Upcycling ist der aktuelle DIY-Trend. Wer weiß, was ich von Anglizismen halte, bekommt gerade auch eine ungefähre Vorstellung davon, was ich von dieser Art von Verschlimmbesserung halte. Wohlgemerkt, ich rede von Upcycling am Esszimmertisch wobei nach detaillierter Anleitung unnütze Dinge hergestellt werden, bei deren Anblick vom Betrachter erwartet wird, sie über den grünen Klee zu loben. Es geht also nicht um alte Autoreifen, die als Schuhsohlen oder Feuerwehr-Schläuche und LKW-Planen die als Taschen auf dem Konsum-Gnadenhof noch ein paar schöne Jahre verbringen.

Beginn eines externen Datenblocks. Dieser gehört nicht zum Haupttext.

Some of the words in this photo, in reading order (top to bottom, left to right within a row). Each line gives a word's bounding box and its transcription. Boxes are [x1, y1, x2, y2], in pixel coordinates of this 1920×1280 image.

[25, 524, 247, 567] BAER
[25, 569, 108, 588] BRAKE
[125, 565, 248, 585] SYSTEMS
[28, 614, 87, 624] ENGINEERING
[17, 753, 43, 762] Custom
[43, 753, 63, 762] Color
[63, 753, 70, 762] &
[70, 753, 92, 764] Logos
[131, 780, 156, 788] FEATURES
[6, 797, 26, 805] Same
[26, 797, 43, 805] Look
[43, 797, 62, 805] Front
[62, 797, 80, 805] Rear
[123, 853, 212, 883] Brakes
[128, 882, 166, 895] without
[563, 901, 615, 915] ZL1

Nein, es geht eben um einen Zeitvertreib, der gerne von einschlägigen Zeitschriften als der ultimative Trend zur Steigerung des Wohlbefindens ausgerufen wird, der jede Wohnung zu einem wahren Schmuckkästen an Kreativität und Umweltbewusstsein macht. Falls hier jemand Spuren von Ironie entdeckt, ist das beabsichtigt. Denn mal ehrlich: Wer, außer denjenigen die kleine Kinder an regnerischen Nachmittagen beschäftigen müssen, kommt denn auf die Idee, Klopapierrollen aneinander zu kleben, alte Joghurt-Bescher zu bemalen und Pappschachteln mit Plastik-Glitzersteinchen zu bekleben? Mir fallen da überwiegend Mitarbeiter/innen der oben erwähnten Zeitschriften und Verfasser/innen von Ratgebern und youtube-Filmchen ein.
Sie alle sorgen unermüdlich für immer neue Trends, also in erster Linie für ihre Bankkonten. Egal was am Ende dabei rauskommt, wenn man ihre Anleitungen stundenlang, mit einer oft gar nicht mal so preisgünstiger Ausstattung an Werkzeug und Hilfsmitteln nacharbeitet. Selbstverständlich verfügt auch die beste Bücherei meines Wohnortes über eine ebenso umfang- wie abwechslungsreiche Sammlung von Anleitungsbüchern, die den unterschiedlichsten Ansprüchen gerecht werden. Manchmal auch ziemlich niedrigen. Aber in der Regel finden sich zwischen den vielen Vorschlägen auch immer mal wieder welche, die interessant (im positiven Sinne) wirken. Nicht nur bei den von mir bevorzugten Handarbeitsbüchern.
Fragwürdig finde ich allerdings, wenn ansehnliche und geschmackvolle Dinge durch Upcycling grottenhässlich werden. Naturholz beispielsweise wird durch schweinchenrosa oder schwimmbadkachelblaue Farbe in der Regel nicht schöner. Und selbst wenn die Papierservietten, mit denen man Möbelstücke bekleben soll, ein nettes Blümchenmuster haben, rettet das Omas alten Couchtisch nicht unbedingt davor, nach zeitintensiver Bearbeitung wieder auf dem Dachboden zu verschwinden.
Bei sehr vielen Gegenständen, die als Upcycling-Objekt infrage kommen könnten, ist übrigens die Überlegung angebracht, warum wurden sie überhaupt gekauft? Tut man der Umwelt manchmal nicht einen größeren Gefallen damit, sein eigenes Konsumverhalten mal zu überdenken, statt sein Gewissen damit beruhigen zu wollen, etwas, was man wegwerfen möchte durch Upcycling so hässlich zu machen, dass man es wegwerfen muss?
Und dann gibt es noch die trendigen Upcycling-DIY-Tipps, bei denen es wohl nur ums Zeit totschlagen geht, und die man bestenfalls jemandem empfehlen möchte, der seine Finger anders beschäftigen will, als mit dem Festhalten von Zigaretten. Oder kommt sonst jemand ernsthaft auf die Idee, alte Zeitungen in feine Streifen zu schneiden, die zusammengefaltet zu Kreisen geformt und mit Kabelbindern fixiert als Wandschmuck dienen sollen? Oder alte Zeitungen sorgfältig zusammenzufalten, so dass sie als „Pompons“ bezeichnet am bunten Faden von der Decke baumeln?
Ja, manchmal bin ich altmodisch. Ich finde nämlich, dass man in alten Zeitungen am besten Fisch vom Marktstand nach Hause tragen kann, oder Kartoffelschalen zur Biotonne.